Cuando él hizo amago de acercarse, Beatrice no pudo evitar que sus instintos más primarios la llevasen a echarse hacia atrás de forma abrupta, no porque pensara que el esclavo pudiera hacerle algún daño, sino porque era demasiada tensión la que nadaba entre ellos, como para que encima decidiera añadirle más acortando la distancia más que prudente que los separaba.
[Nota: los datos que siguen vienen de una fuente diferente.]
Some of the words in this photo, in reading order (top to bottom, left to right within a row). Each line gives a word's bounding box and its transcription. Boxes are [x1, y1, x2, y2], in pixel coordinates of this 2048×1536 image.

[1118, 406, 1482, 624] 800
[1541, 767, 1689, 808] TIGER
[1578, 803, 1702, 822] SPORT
No obstante, al mirarse un poco a sí misma y ver el reguero de cortes, laceraciones y rasguños que se había hecho durante su caída, comprendió el porqué de la preocupación del hombre.
—Estoy bien—le dijo, sintiéndose culpable por la forma lenta y pausada en la que sin querer le había hablado, pues que fuese esclavo no significaba que no pudiera entenderla—Estoy bien—repitió, ahora de forma mucho más normal, y no tan parecida a su madre—. Son solo...son solo rasguños, nada grave.
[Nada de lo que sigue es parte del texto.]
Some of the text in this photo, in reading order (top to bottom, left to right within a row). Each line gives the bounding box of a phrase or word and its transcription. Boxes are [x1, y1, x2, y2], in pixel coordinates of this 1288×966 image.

—Mi ama está herida—repitió el esclavo, justo antes de dar media vuelta y desaparecer entre un matorral tupido que se lo tragó entero.
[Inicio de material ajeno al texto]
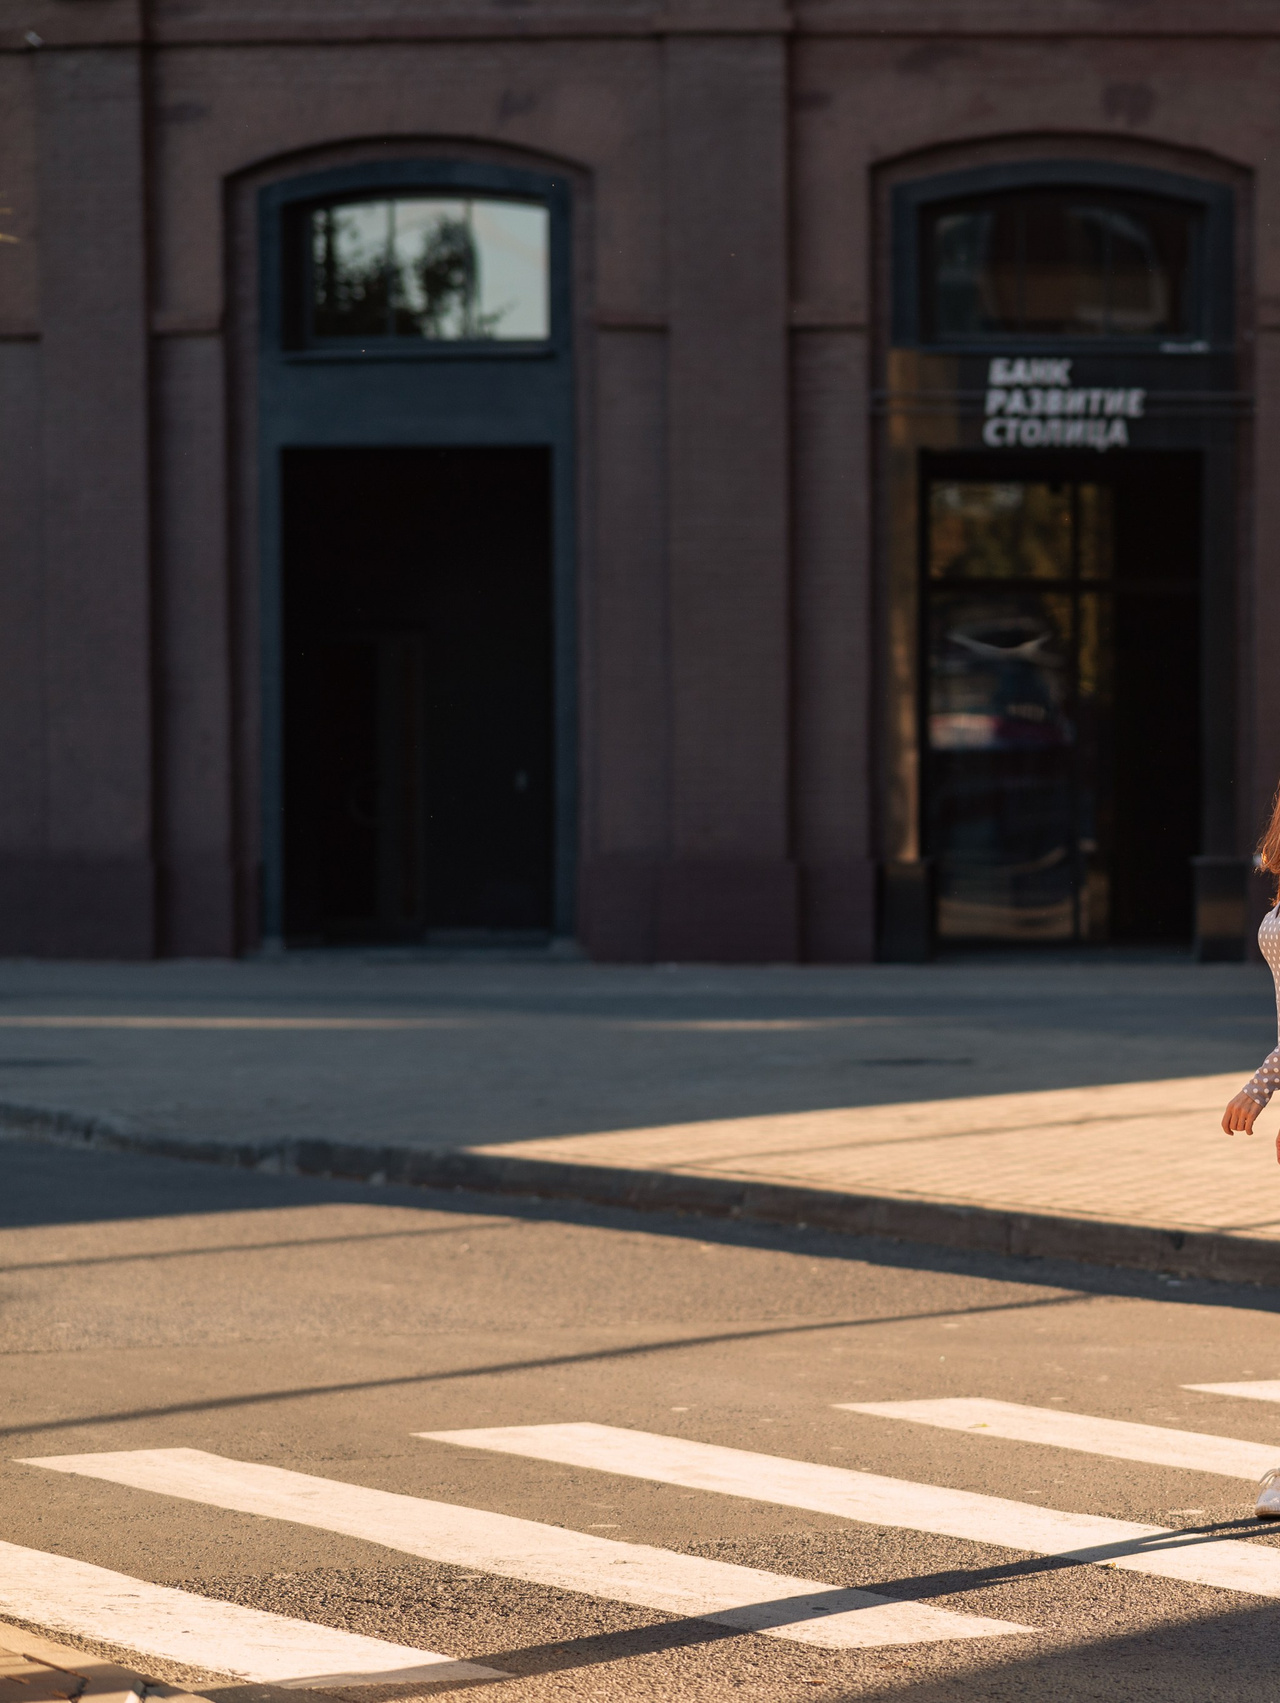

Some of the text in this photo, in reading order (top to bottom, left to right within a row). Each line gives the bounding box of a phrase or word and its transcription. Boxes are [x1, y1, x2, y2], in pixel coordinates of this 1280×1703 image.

[988, 357, 1071, 386] БАНК
[984, 388, 1145, 417] РАЗВИТИЕ
[983, 418, 1128, 451] СТОЛИЦА
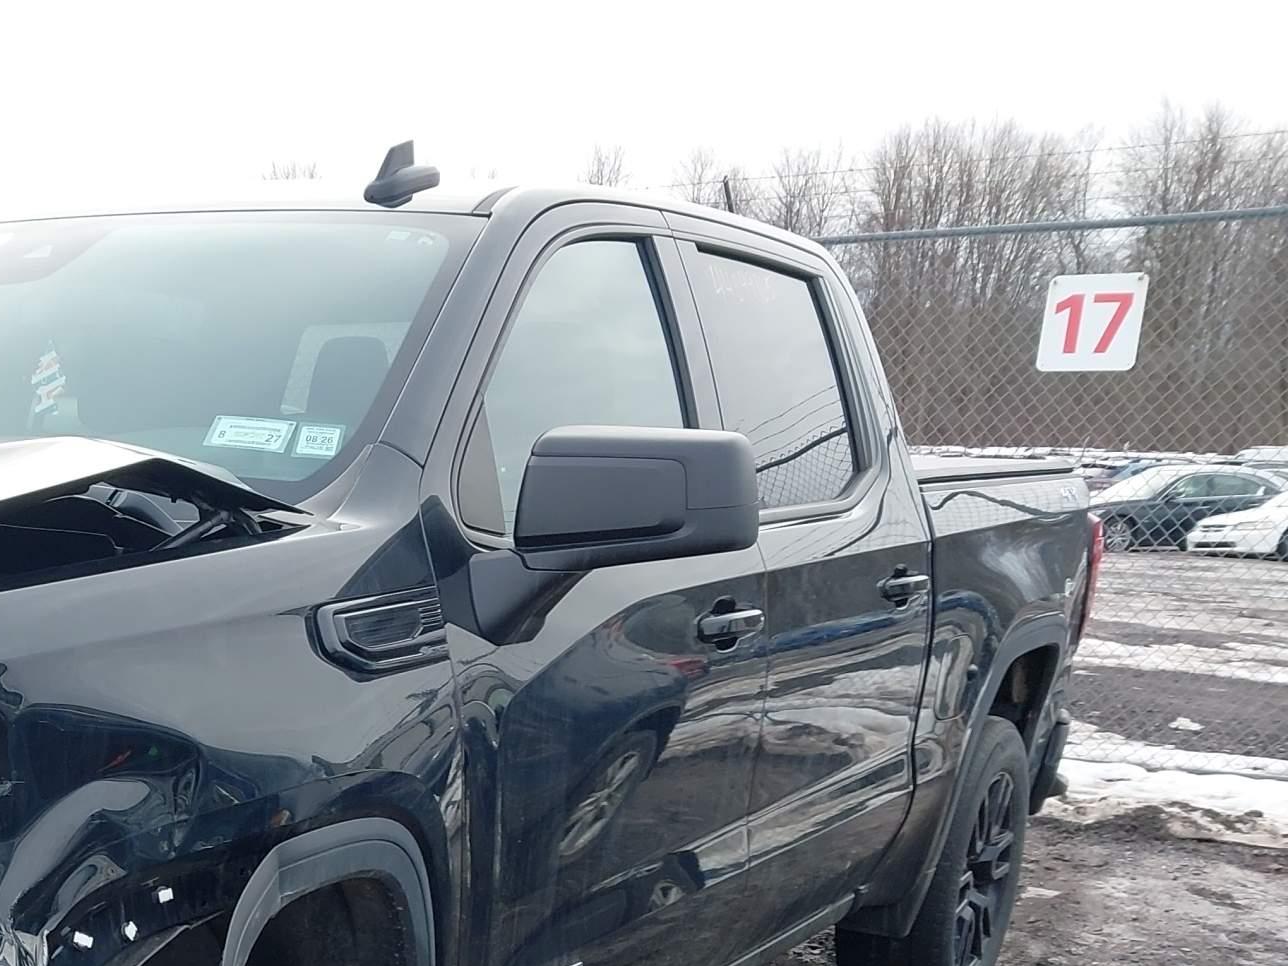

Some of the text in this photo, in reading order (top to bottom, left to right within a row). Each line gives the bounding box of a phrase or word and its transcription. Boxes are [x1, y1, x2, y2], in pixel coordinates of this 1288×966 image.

[1055, 293, 1134, 354] 17
[265, 434, 282, 443] 27
[321, 435, 334, 444] 26
Al hallarse sola en un lugar como aquel, en un estado como el suyo, Beatrice no supo qué hacer a continuación. Sin embargo, tampoco tuvo mucho tiempo para pensarlo, pues apenas un par de segundos después el esclavo volvió con ella, llevando consigo un puñado de delicados pétalos de un azul casi morado, igual que sus ojos.
—Esto la ayudará—le dijo, extendiendo la mano hacia ella para que pudiera ver lo que llevaba—. Permítame ayudarla, mi ama.
Como Beatrice no dijo nada, el esclavo tomó su silencio como una invitación, por lo que se acercó a ella lentamente, como quien intenta aproximarse a un animal salvaje, herido y por lo tanto sumamente peligroso. Ante los ojos de Beatrice (que no tenía ni la menor idea de cómo sentirse en aquella situación) el esclavo aplastó los pétalos hasta convertirlos en una especie de masa jugosa e informe, que fue pasando lentamente y con extrema delicadeza por cada una de las heridas de Beatrice. Cuando finalizó, tiró la pomada al suelo y afirmó:
—Eso ayudará a mi ama. Flor del corazón siempre ayuda.
—Gra...
—¡Señorita Beatrice! ¡¿Dónde está, señorita Beatrice?!
Cuando escuchó las voces acercándose, la expresión del esclavo se desencajó de una forma casi dolorosa. Seguramente pensando que lo acusarían de algo si lo encontraban en aquellas circunstancias con su ama, le echó una última mirada a Beatrice antes de darse media vuelta y alejarse corriendo por el mismo camino que había tomado para buscar los pétalos. Ésta vez, por su puesto, no regresó, por lo que Beatrice se quedó mirando el lugar por el que había desaparecido solo un momento más, para luego armarse de valor y salir al encuentro de quienes la buscaban, que resultaron ser el encargado de la hacienda y uno de los criados, ambos a caballo y seguramente enviados con urgencia por el coronel.
—Señorita Beatrice, ¿cómo se encuentra?—le preguntó el encargado de la hacienda, mientras su compañero no hacía más nada que mirarla con pasmo y algo de alivio—. Su padre está muy preocupado por usted, por eso le ruego que venga con nosotros.
Por su puesto, Beatrice podría haberse negado, con la única intención de hacer sentir su ausencia y molestar todavía más a su madre. No obstante, sabía que con aquello solo lograría que los dos hombres que tenía en frente, ambos inocentes, fueran reprendidos por no haber cumplido con su misión de llevarla de vuelta a la casona. Resignada, y todavía sin poder quitarse de la cabeza su breve e hipnótico encuentro con el esclavo, se subió al caballo del criado y les indicó que partieran. Todo el camino la paso perdida en las nubes, pero cuando llegaron por fin y le tocó bajarse del animal, notó algo que le heló la sangre de la sorpresa. Y es que ahí, dónde antes habían estado numerosos cortes y rasguños sangrantes y profundos, ahí mismo donde el esclavo había pasado su improvisada pomada, no había nada más que una piel sana, brillante y sin ninguna imperfección.